**TASK DETAILS:**
Print, exactly and completely, the data that appears below.

(Records excerpted from a collection)
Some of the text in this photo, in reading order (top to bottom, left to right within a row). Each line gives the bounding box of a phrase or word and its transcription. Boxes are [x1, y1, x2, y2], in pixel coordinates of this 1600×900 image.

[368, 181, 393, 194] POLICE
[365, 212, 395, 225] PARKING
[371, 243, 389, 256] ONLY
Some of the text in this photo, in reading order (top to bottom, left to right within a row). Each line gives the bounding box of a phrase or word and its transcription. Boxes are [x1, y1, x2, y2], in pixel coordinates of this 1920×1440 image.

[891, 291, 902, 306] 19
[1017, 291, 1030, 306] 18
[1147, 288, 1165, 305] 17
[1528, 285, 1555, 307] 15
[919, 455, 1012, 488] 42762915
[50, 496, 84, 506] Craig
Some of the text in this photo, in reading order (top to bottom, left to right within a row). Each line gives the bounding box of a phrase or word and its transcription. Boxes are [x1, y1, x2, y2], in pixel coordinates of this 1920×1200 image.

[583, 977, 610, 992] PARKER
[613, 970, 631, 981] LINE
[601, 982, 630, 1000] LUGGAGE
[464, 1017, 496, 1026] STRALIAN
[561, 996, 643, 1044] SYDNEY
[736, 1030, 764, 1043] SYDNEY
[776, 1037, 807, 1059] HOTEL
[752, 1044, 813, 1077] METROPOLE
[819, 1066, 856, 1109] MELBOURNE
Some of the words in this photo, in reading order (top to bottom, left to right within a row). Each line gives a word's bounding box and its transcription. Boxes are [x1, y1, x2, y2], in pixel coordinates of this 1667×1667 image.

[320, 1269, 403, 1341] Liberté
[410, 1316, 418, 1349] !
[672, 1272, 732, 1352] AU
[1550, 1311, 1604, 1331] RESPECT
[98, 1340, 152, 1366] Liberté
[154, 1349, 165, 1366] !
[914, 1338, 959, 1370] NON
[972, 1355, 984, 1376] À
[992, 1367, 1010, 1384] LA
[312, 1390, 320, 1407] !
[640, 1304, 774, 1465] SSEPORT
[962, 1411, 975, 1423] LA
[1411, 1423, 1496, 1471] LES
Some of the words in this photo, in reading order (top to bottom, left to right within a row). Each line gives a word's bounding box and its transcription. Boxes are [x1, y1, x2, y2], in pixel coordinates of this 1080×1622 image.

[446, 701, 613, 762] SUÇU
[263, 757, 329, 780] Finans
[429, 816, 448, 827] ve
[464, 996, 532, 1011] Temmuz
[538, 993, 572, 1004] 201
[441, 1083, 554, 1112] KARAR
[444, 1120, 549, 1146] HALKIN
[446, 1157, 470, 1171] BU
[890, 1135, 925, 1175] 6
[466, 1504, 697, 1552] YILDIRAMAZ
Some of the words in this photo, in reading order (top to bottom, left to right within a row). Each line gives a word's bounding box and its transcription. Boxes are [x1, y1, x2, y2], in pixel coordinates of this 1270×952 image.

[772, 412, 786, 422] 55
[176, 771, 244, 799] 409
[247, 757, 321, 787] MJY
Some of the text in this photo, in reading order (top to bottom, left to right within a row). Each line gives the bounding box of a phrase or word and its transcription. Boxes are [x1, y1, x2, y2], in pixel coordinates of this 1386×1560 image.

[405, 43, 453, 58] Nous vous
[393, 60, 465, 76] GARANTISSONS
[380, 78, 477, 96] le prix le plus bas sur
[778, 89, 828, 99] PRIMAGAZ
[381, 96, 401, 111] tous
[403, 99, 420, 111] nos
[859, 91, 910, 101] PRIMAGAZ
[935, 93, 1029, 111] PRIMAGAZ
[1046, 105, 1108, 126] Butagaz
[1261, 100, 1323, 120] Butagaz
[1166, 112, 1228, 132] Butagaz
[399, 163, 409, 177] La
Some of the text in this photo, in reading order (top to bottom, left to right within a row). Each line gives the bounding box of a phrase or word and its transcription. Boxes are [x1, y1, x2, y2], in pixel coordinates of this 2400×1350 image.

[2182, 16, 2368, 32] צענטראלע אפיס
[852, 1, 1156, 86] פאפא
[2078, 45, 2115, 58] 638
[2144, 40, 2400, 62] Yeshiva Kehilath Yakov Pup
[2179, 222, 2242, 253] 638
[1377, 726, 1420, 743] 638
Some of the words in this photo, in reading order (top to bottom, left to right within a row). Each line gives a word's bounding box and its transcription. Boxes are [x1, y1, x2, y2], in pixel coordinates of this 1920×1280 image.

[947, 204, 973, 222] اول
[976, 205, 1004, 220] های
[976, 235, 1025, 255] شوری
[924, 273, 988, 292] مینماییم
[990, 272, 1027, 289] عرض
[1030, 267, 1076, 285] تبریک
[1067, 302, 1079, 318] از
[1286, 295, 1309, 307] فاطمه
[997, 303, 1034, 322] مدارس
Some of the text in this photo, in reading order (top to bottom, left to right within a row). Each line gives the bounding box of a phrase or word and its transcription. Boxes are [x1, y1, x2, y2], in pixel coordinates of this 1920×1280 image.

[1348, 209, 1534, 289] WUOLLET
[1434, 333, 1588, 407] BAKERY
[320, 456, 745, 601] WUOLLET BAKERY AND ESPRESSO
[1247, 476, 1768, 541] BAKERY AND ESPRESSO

**ANSWER:**
Some of the text in this photo, in reading order (top to bottom, left to right within a row). Each line gives the bounding box of a phrase or word and its transcription. Boxes are [x1, y1, x2, y2], in pixel coordinates of this 1600×900 image.

[368, 181, 393, 194] POLICE
[365, 212, 395, 225] PARKING
[371, 243, 389, 256] ONLY
Some of the text in this photo, in reading order (top to bottom, left to right within a row). Each line gives the bounding box of a phrase or word and its transcription. Boxes are [x1, y1, x2, y2], in pixel coordinates of this 1920×1440 image.

[891, 291, 902, 306] 19
[1017, 291, 1030, 306] 18
[1147, 288, 1165, 305] 17
[1528, 285, 1555, 307] 15
[919, 455, 1012, 488] 42762915
[50, 496, 84, 506] Craig
Some of the text in this photo, in reading order (top to bottom, left to right within a row). Each line gives the bounding box of a phrase or word and its transcription. Boxes are [x1, y1, x2, y2], in pixel coordinates of this 1920×1200 image.

[583, 977, 610, 992] PARKER
[613, 970, 631, 981] LINE
[601, 982, 630, 1000] LUGGAGE
[464, 1017, 496, 1026] STRALIAN
[561, 996, 643, 1044] SYDNEY
[736, 1030, 764, 1043] SYDNEY
[776, 1037, 807, 1059] HOTEL
[752, 1044, 813, 1077] METROPOLE
[819, 1066, 856, 1109] MELBOURNE
Some of the words in this photo, in reading order (top to bottom, left to right within a row). Each line gives a word's bounding box and its transcription. Boxes are [x1, y1, x2, y2], in pixel coordinates of this 1667×1667 image.

[320, 1269, 403, 1341] Liberté
[410, 1316, 418, 1349] !
[672, 1272, 732, 1352] AU
[1550, 1311, 1604, 1331] RESPECT
[98, 1340, 152, 1366] Liberté
[154, 1349, 165, 1366] !
[914, 1338, 959, 1370] NON
[972, 1355, 984, 1376] À
[992, 1367, 1010, 1384] LA
[312, 1390, 320, 1407] !
[640, 1304, 774, 1465] SSEPORT
[962, 1411, 975, 1423] LA
[1411, 1423, 1496, 1471] LES
Some of the words in this photo, in reading order (top to bottom, left to right within a row). Each line gives a word's bounding box and its transcription. Boxes are [x1, y1, x2, y2], in pixel coordinates of this 1080×1622 image.

[446, 701, 613, 762] SUÇU
[263, 757, 329, 780] Finans
[429, 816, 448, 827] ve
[464, 996, 532, 1011] Temmuz
[538, 993, 572, 1004] 201
[441, 1083, 554, 1112] KARAR
[444, 1120, 549, 1146] HALKIN
[446, 1157, 470, 1171] BU
[890, 1135, 925, 1175] 6
[466, 1504, 697, 1552] YILDIRAMAZ
Some of the words in this photo, in reading order (top to bottom, left to right within a row). Each line gives a word's bounding box and its transcription. Boxes are [x1, y1, x2, y2], in pixel coordinates of this 1270×952 image.

[772, 412, 786, 422] 55
[176, 771, 244, 799] 409
[247, 757, 321, 787] MJY
Some of the text in this photo, in reading order (top to bottom, left to right within a row). Each line gives the bounding box of a phrase or word and its transcription. Boxes are [x1, y1, x2, y2], in pixel coordinates of this 1386×1560 image.

[405, 43, 453, 58] Nous vous
[393, 60, 465, 76] GARANTISSONS
[380, 78, 477, 96] le prix le plus bas sur
[778, 89, 828, 99] PRIMAGAZ
[381, 96, 401, 111] tous
[403, 99, 420, 111] nos
[859, 91, 910, 101] PRIMAGAZ
[935, 93, 1029, 111] PRIMAGAZ
[1046, 105, 1108, 126] Butagaz
[1261, 100, 1323, 120] Butagaz
[1166, 112, 1228, 132] Butagaz
[399, 163, 409, 177] La
Some of the text in this photo, in reading order (top to bottom, left to right within a row). Each line gives the bounding box of a phrase or word and its transcription. Boxes are [x1, y1, x2, y2], in pixel coordinates of this 2400×1350 image.

[2182, 16, 2368, 32] צענטראלע אפיס
[852, 1, 1156, 86] פאפא
[2078, 45, 2115, 58] 638
[2144, 40, 2400, 62] Yeshiva Kehilath Yakov Pup
[2179, 222, 2242, 253] 638
[1377, 726, 1420, 743] 638
Some of the words in this photo, in reading order (top to bottom, left to right within a row). Each line gives a word's bounding box and its transcription. Boxes are [x1, y1, x2, y2], in pixel coordinates of this 1920×1280 image.

[947, 204, 973, 222] اول
[976, 205, 1004, 220] های
[976, 235, 1025, 255] شوری
[924, 273, 988, 292] مینماییم
[990, 272, 1027, 289] عرض
[1030, 267, 1076, 285] تبریک
[1067, 302, 1079, 318] از
[1286, 295, 1309, 307] فاطمه
[997, 303, 1034, 322] مدارس
Some of the text in this photo, in reading order (top to bottom, left to right within a row). Each line gives the bounding box of a phrase or word and its transcription. Boxes are [x1, y1, x2, y2], in pixel coordinates of this 1920×1280 image.

[1348, 209, 1534, 289] WUOLLET
[1434, 333, 1588, 407] BAKERY
[320, 456, 745, 601] WUOLLET BAKERY AND ESPRESSO
[1247, 476, 1768, 541] BAKERY AND ESPRESSO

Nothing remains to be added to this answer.